◆ ACTIVITY: Retype the data below exactly; skip every image.

Text-to-region grounding data
○ ○ ○ ○ ○
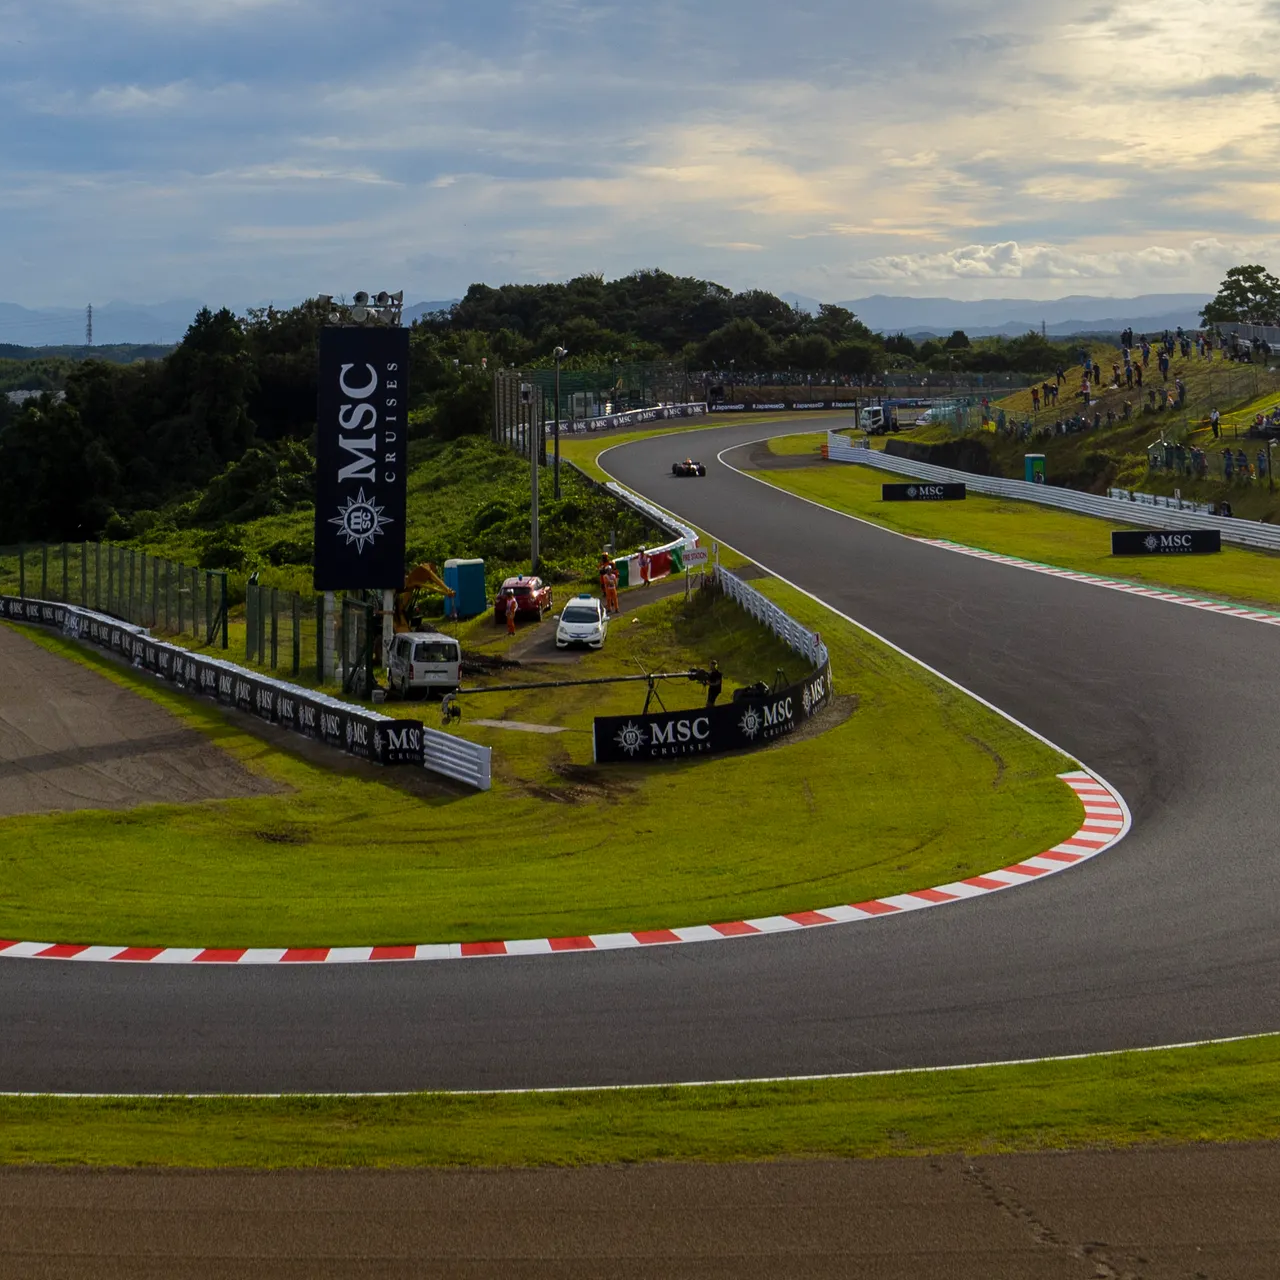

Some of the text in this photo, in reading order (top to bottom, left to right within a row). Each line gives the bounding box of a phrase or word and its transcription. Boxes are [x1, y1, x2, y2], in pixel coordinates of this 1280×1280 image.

[338, 363, 378, 483] MSC
[385, 362, 398, 483] CRUISES
[919, 486, 944, 495] MSC
[1160, 534, 1192, 546] MSC
[810, 675, 824, 704] MSC
[763, 697, 793, 727] MSC
[326, 713, 340, 736] MSC
[353, 721, 368, 745] MSC
[650, 717, 710, 745] MSC
[386, 728, 420, 750] MSC
[651, 743, 711, 756] CRUISES
○ ○ ○ ○ ○
◆ OUTPUT:
Some of the text in this photo, in reading order (top to bottom, left to right within a row). Each line gives the bounding box of a phrase or word and its transcription. Boxes are [x1, y1, x2, y2], in pixel coordinates of this 1280×1280 image.

[338, 363, 378, 483] MSC
[385, 362, 398, 483] CRUISES
[919, 486, 944, 495] MSC
[1160, 534, 1192, 546] MSC
[810, 675, 824, 704] MSC
[763, 697, 793, 727] MSC
[326, 713, 340, 736] MSC
[353, 721, 368, 745] MSC
[650, 717, 710, 745] MSC
[386, 728, 420, 750] MSC
[651, 743, 711, 756] CRUISES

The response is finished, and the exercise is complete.